SOURCE MATERIAL
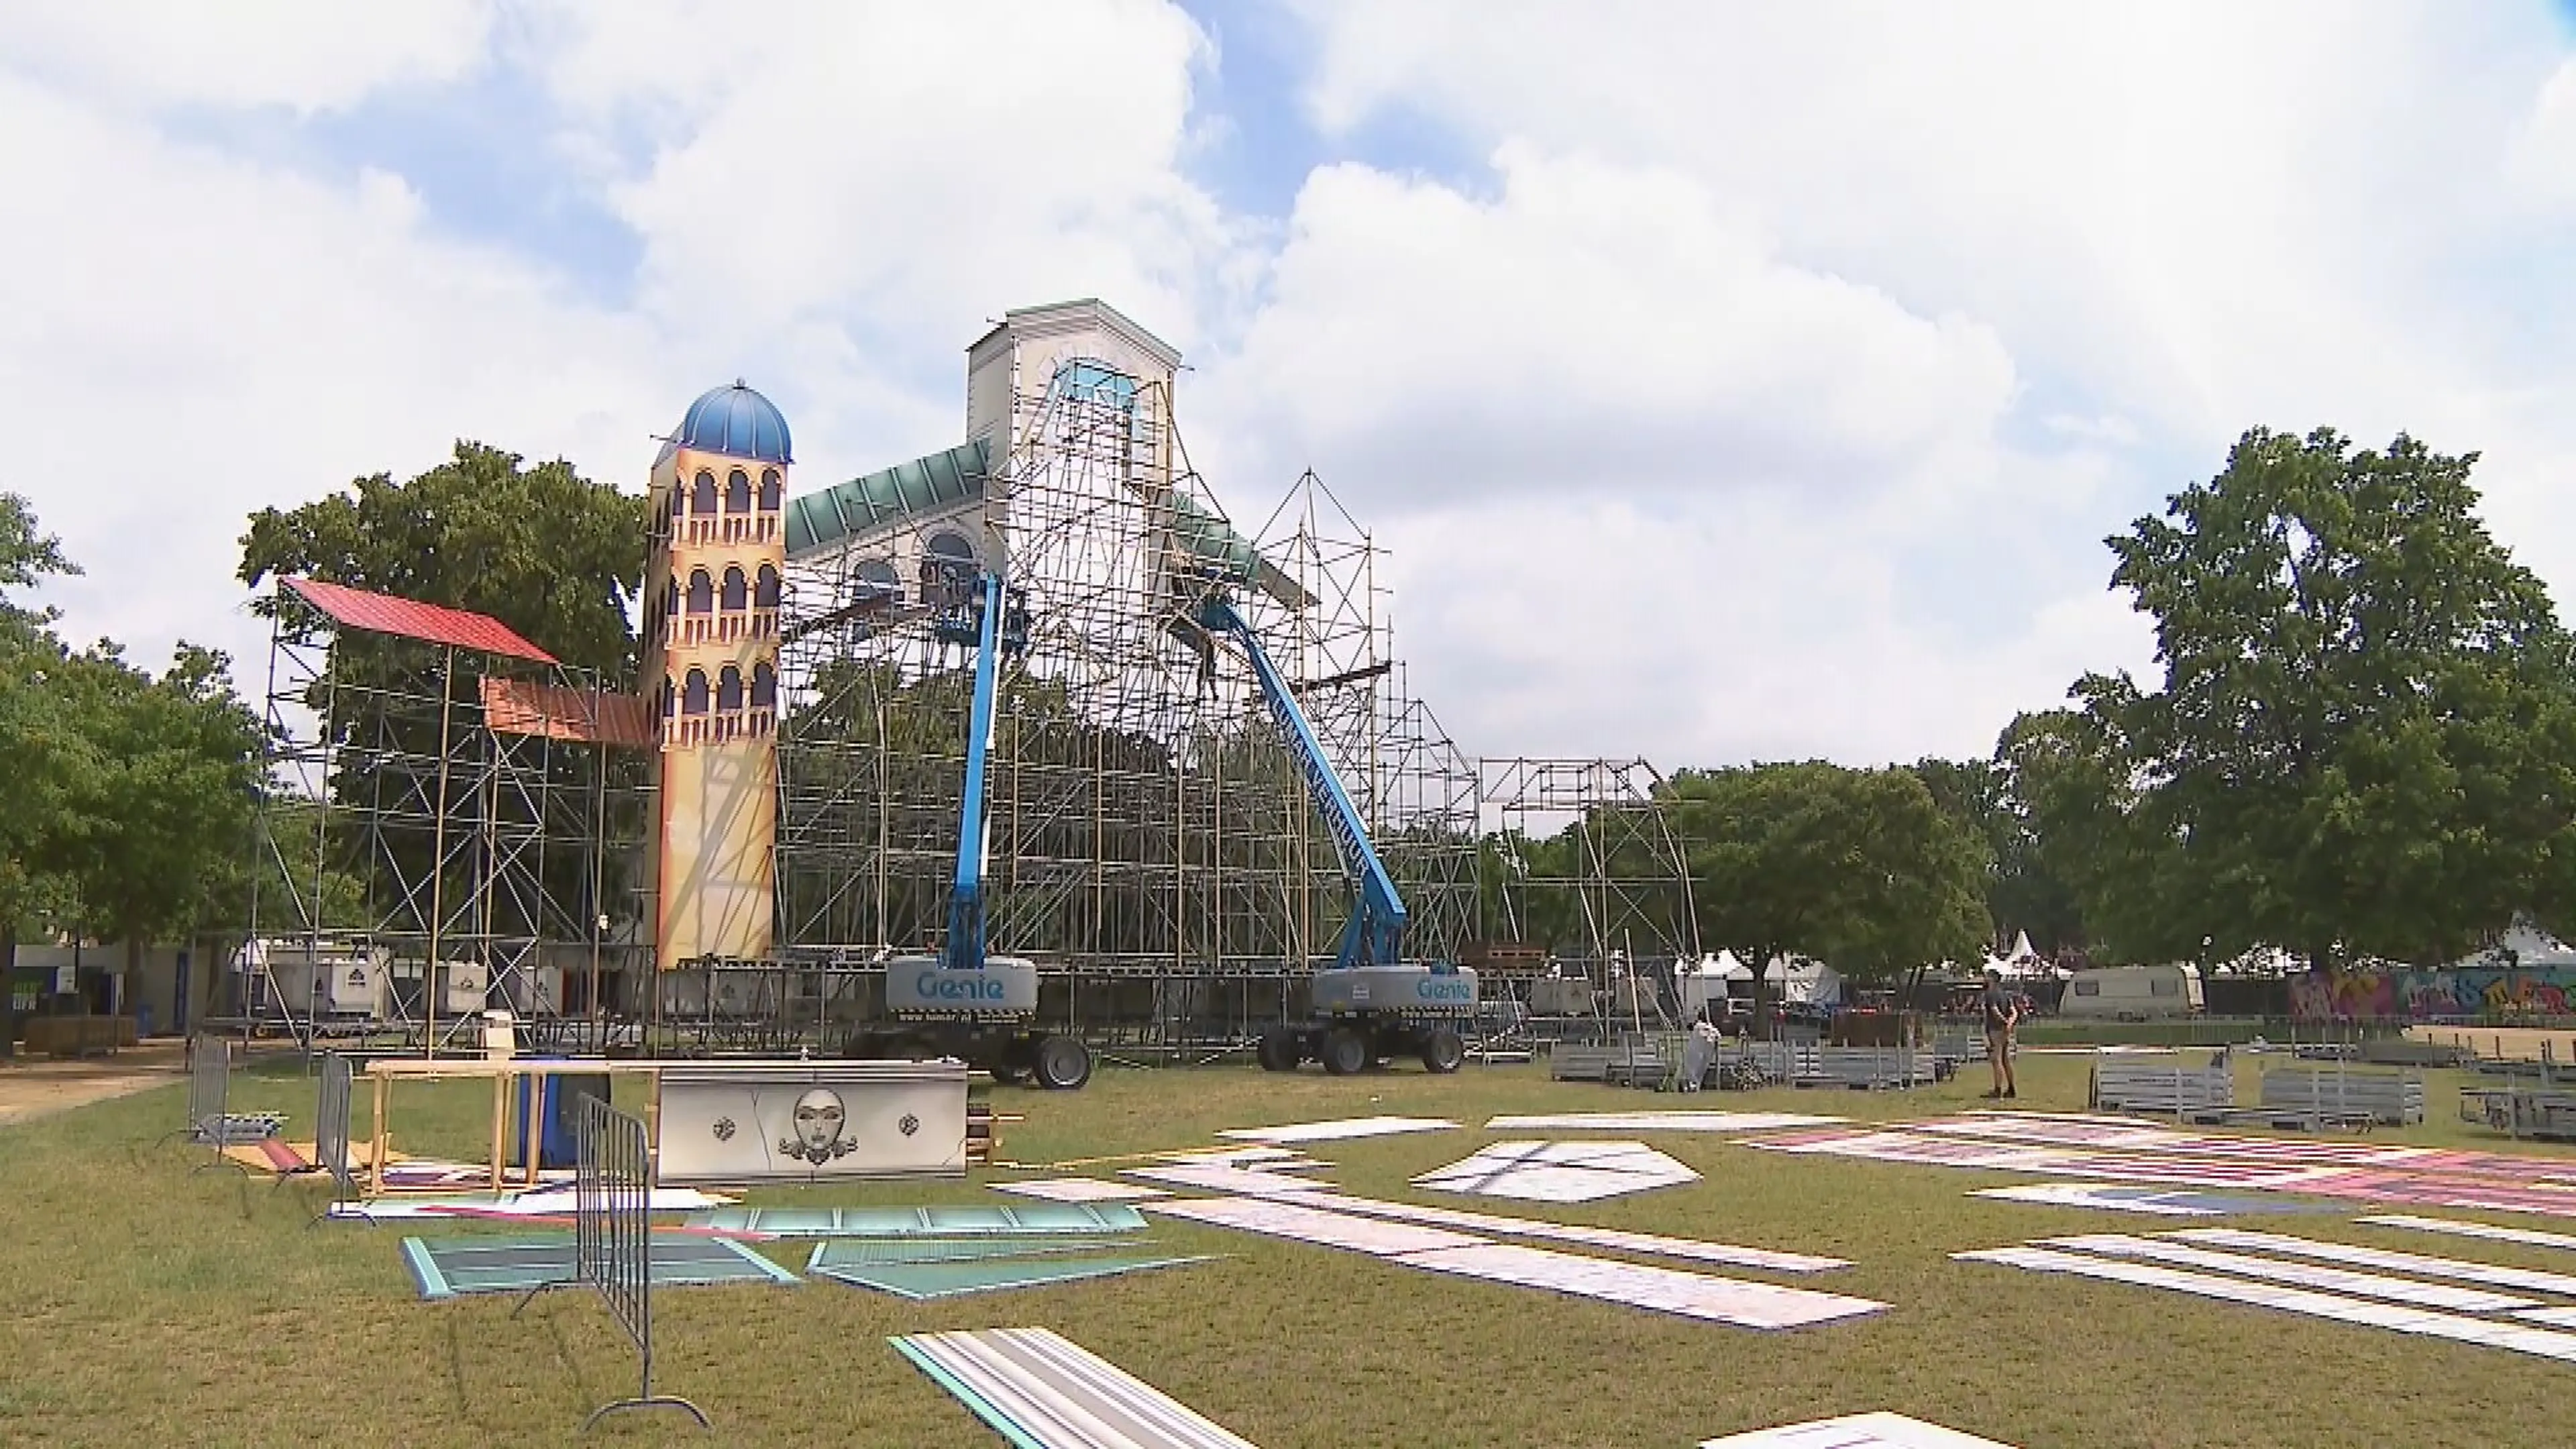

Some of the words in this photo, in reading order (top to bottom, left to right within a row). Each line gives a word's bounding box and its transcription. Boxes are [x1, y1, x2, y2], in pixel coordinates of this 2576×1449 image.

[1312, 769, 1369, 877] VERHUUR
[916, 971, 1004, 999] Genie
[1417, 977, 1471, 1000] Genie
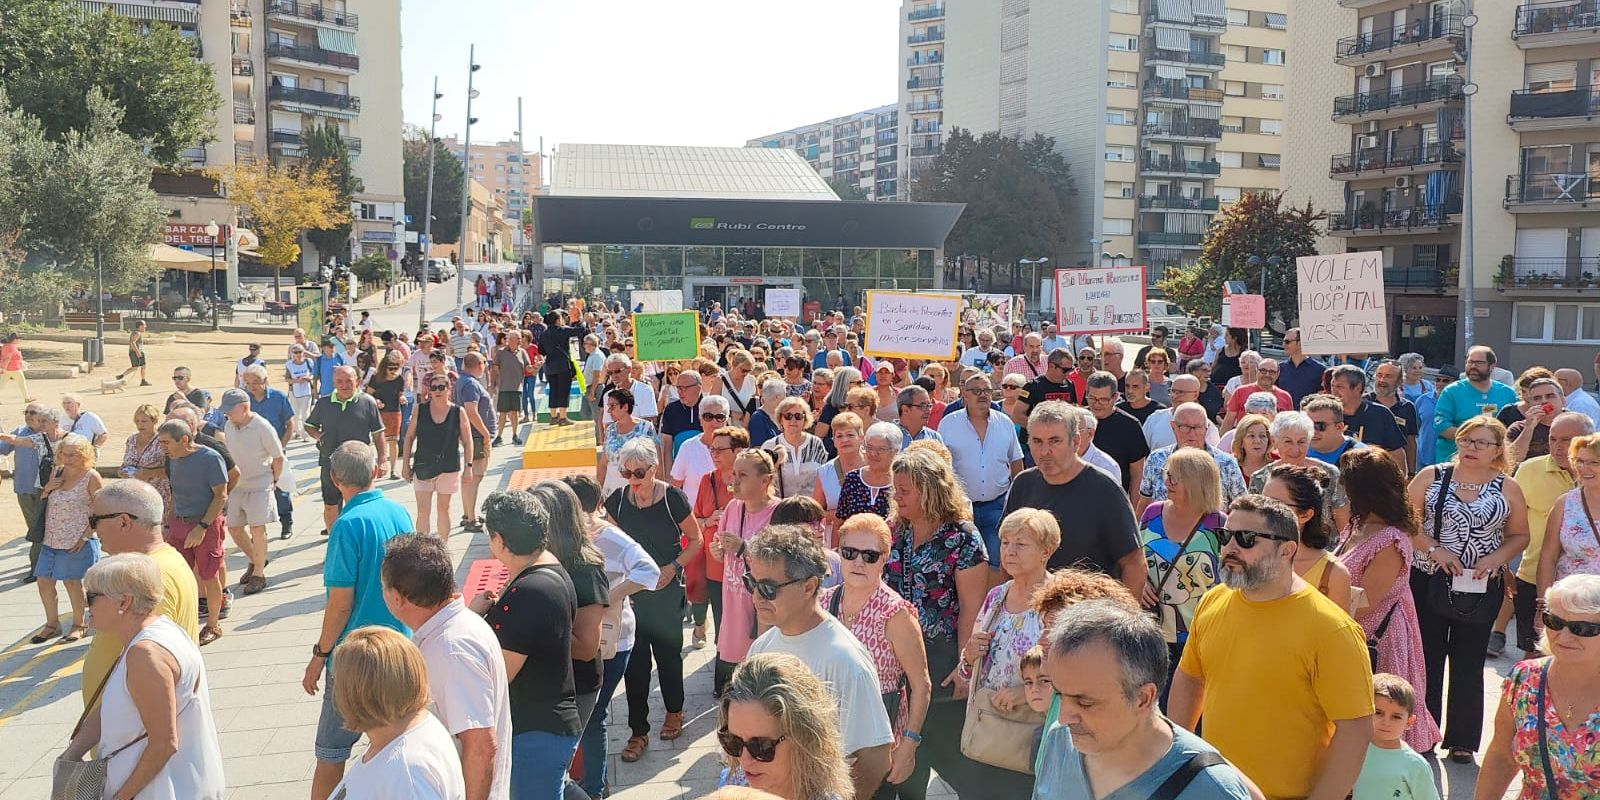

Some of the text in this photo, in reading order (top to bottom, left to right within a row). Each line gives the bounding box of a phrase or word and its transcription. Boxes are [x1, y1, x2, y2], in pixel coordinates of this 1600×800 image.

WHAT YOU ARE ASKED TO DO
Restate all of the material above word for word, excluding the pictures.

SOLUTION
Some of the words in this photo, in reading order (top to bottom, left to right within a row). Each line gives a word's bounding box and its transcription. Boxes are [x1, y1, x2, y2], in pixel coordinates of this 2576×1449 image.

[1312, 769, 1369, 877] VERHUUR
[916, 971, 1004, 999] Genie
[1417, 977, 1471, 1000] Genie

Some of the text in this photo, in reading order (top to bottom, left to right within a row). Each line gives the bounding box of a phrase or word and its transcription. Boxes are [x1, y1, x2, y2], in pixel coordinates of this 1600×800 image.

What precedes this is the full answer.